Exclusive: Consumer Experience Drives Massive Reorganization of NELSON and FRCH Portfolio

Saks Greenwich, a NELSON project. Photography by A Frame.

It’s no secret that integrated design and consulting firm NELSON has been on the move, having acquired 15 of the industry’s top firms over the past five years alone. Almost exactly a year to the date of its merger with FRCH, the Minneapolis-based firm has made another major business maneuver by reorganizing and rebranding its entire portfolio of architecture, design, and consulting firms.

In a company-wide announcement to be made today, NELSON will officially introduce the strategic repositioning and rebranding of every firm in its portfolio. The reorganization will be led by the delineations of project categories and firm specialties as Work, Serve, Play, or Thrive.

“Our new portfolio strategy, built around ‘Work, Serve, Play and Thrive’ organizes our practices to reflect our holistic approach and positions NELSON for growth,” says John “Ozzie” Nelson Jr. (left), who is co-CEO and chairman of NELSON. “The company will operate as one unified company, under two integrated brands. Our approach will be much more collaborative and mindful to integrate particular practice areas such as mixed-use, retail, workplace, and hospitality in order to synthesize and maximize our impact.”

Going forward, firms and projects with a focus on workplace, industrial design, and tenant/landlord residences (Work), healthcare and public service (Serve), and hotels, mixed-use, multi-family and senior-living residential (Thrive) will be re-branded under the NELSON identity. Similarly, those with a focus on retail, restaurants, and entertainment (Play) will go to market as FRCH NELSON, a NELSON brand.
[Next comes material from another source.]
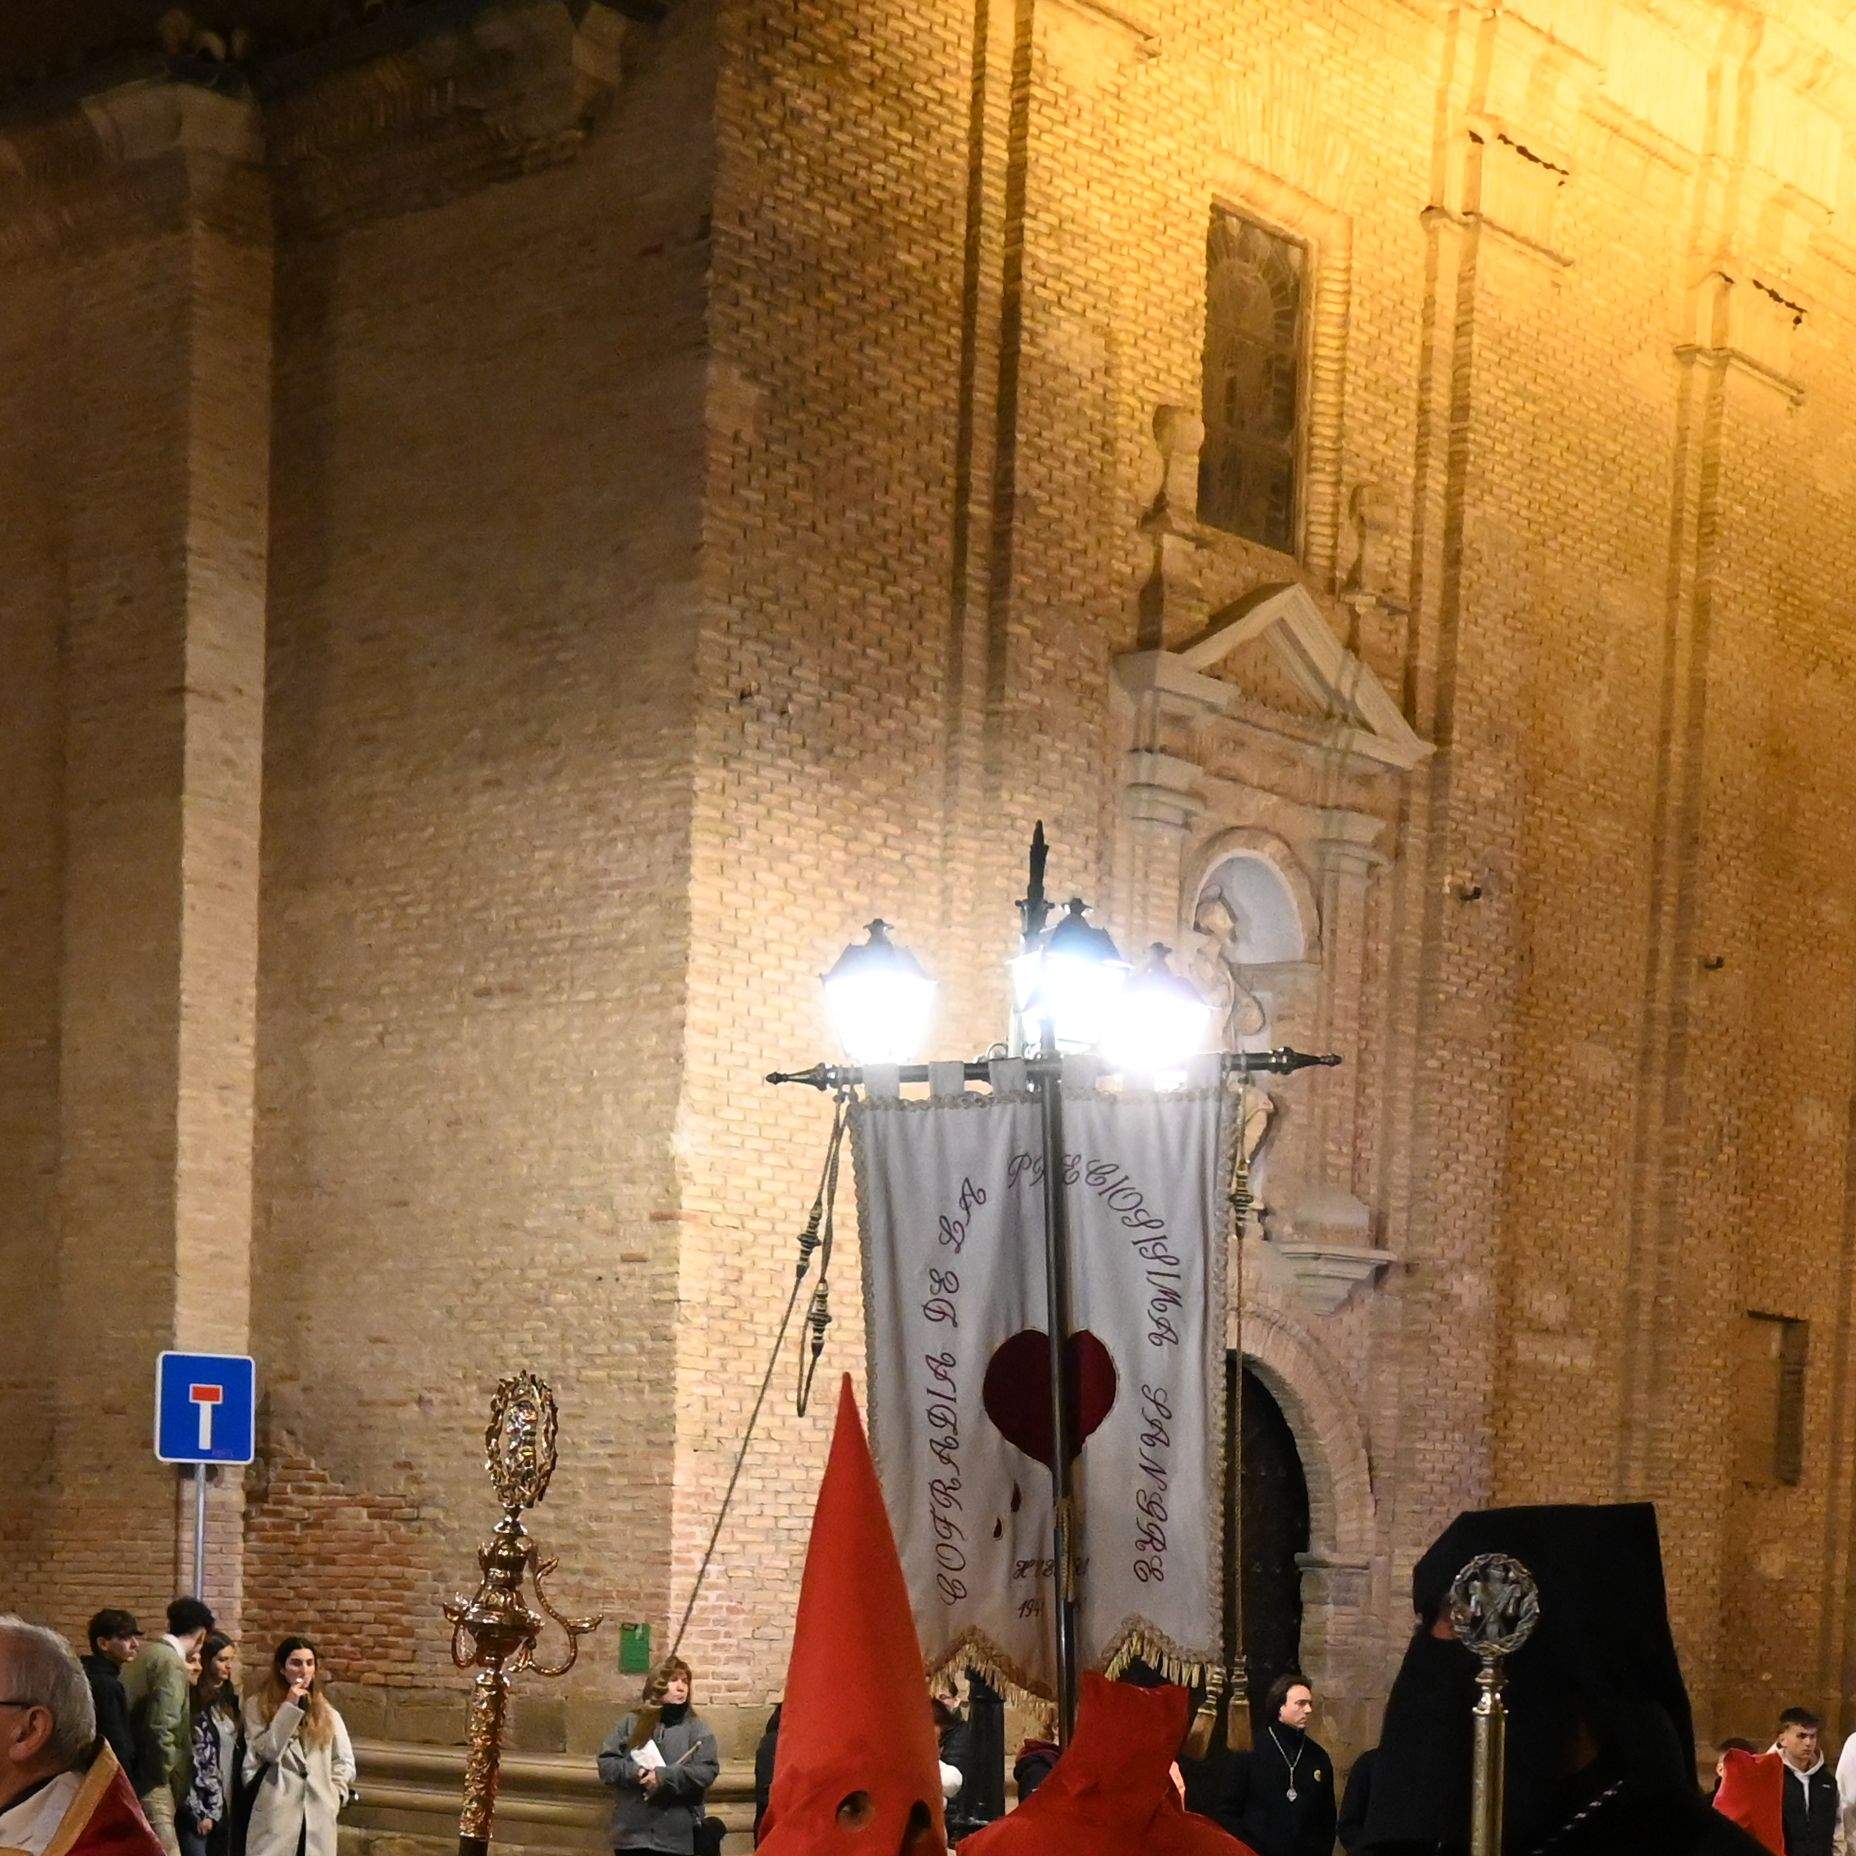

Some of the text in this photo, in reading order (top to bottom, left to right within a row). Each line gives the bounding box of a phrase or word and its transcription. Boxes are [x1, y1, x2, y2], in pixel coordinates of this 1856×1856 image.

[938, 1176, 987, 1255] LA
[921, 1267, 960, 1328] DE
[925, 1352, 968, 1606] COFRADIA
[1133, 1383, 1173, 1583] SANGRE
The strategy, according to NELSON co-CEO Jim Tippmann (right), is informed by the radical shift in how end-users experience their surroundings and how those experiences inform their subsequent expectations.
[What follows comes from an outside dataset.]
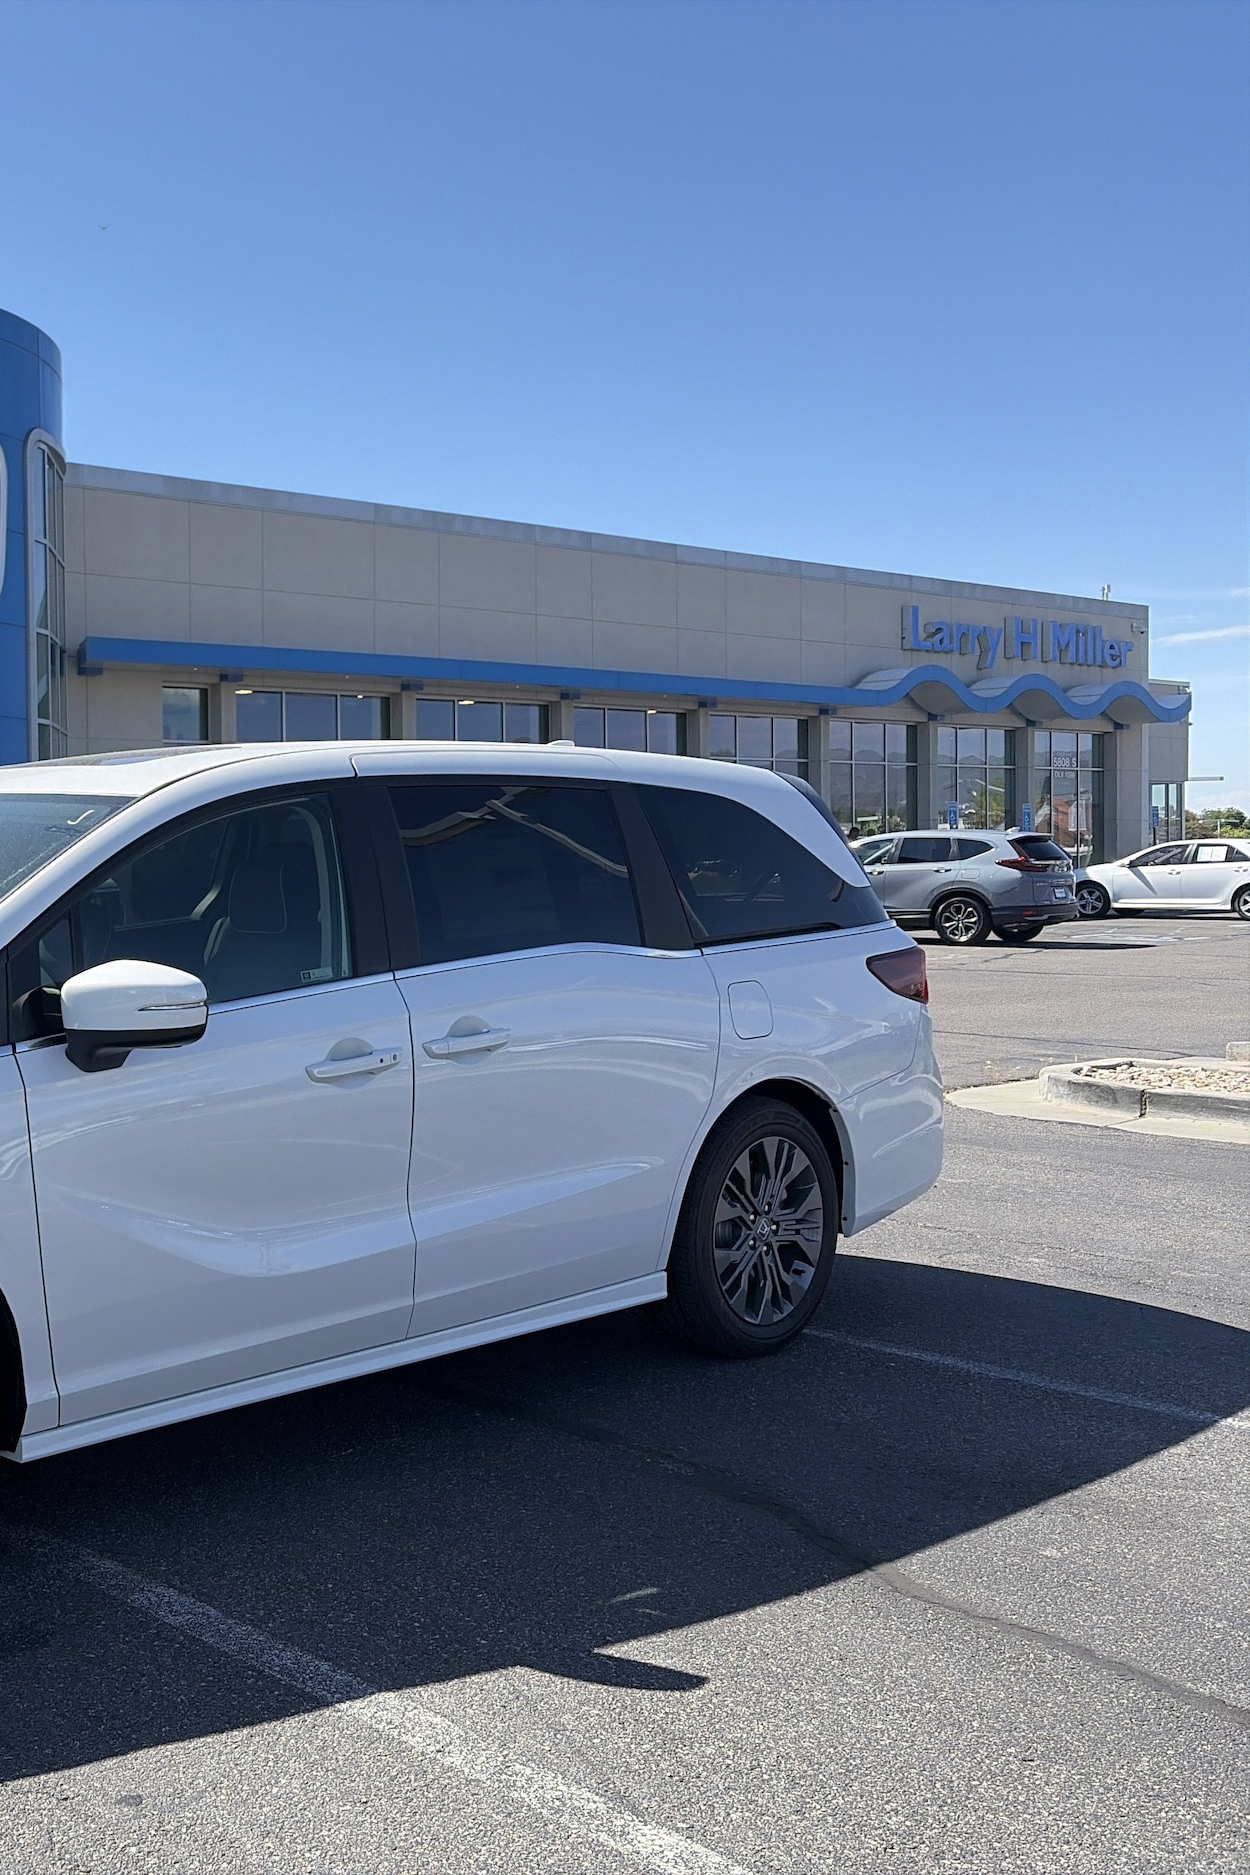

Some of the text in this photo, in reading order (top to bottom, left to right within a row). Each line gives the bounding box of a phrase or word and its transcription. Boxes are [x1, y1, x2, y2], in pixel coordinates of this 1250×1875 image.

“We absolutely see similarities in the way users and consumers experience brand environments. Regardless of the sector, they bring a set of expectations for engagement based on previous experiences in other settings,” explains Tippmann. “Hospitality experiences set the expectation for workplace, while engaging retail experiences are now setting the expectation for hospitality. This fluid behavior in which users are becoming accustomed to is putting pressure on brands to have greater visibility into users’ everyday experiences, and not just those related to their unique sector.”

The implementation of such a drastic move in brand positioning begs the question of how the field as a whole will adapt to the marked changes in how end-users respond to, and form expectations of, their environments. 

“Design is continuing its trajectory beyond pure aesthetic, to a business-building entity that creates long-term equity and preference for a company or a brand,” Tippmann says of how NELSON has begun to adapt to meet those changes. “We have already begun to see the benefit of a unified approach,” adds Nelson.

TMobile Chicago store, a NELSON project. Photography by Razorfish.

That ‘benefit’ seems to speak for itself; in 2018 alone, NELSON’s gross revenue exceeded $200 million. The company predicts hundreds of job opportunities will be added to the NELSON network over the next five years as a result of its competitive growth strategy.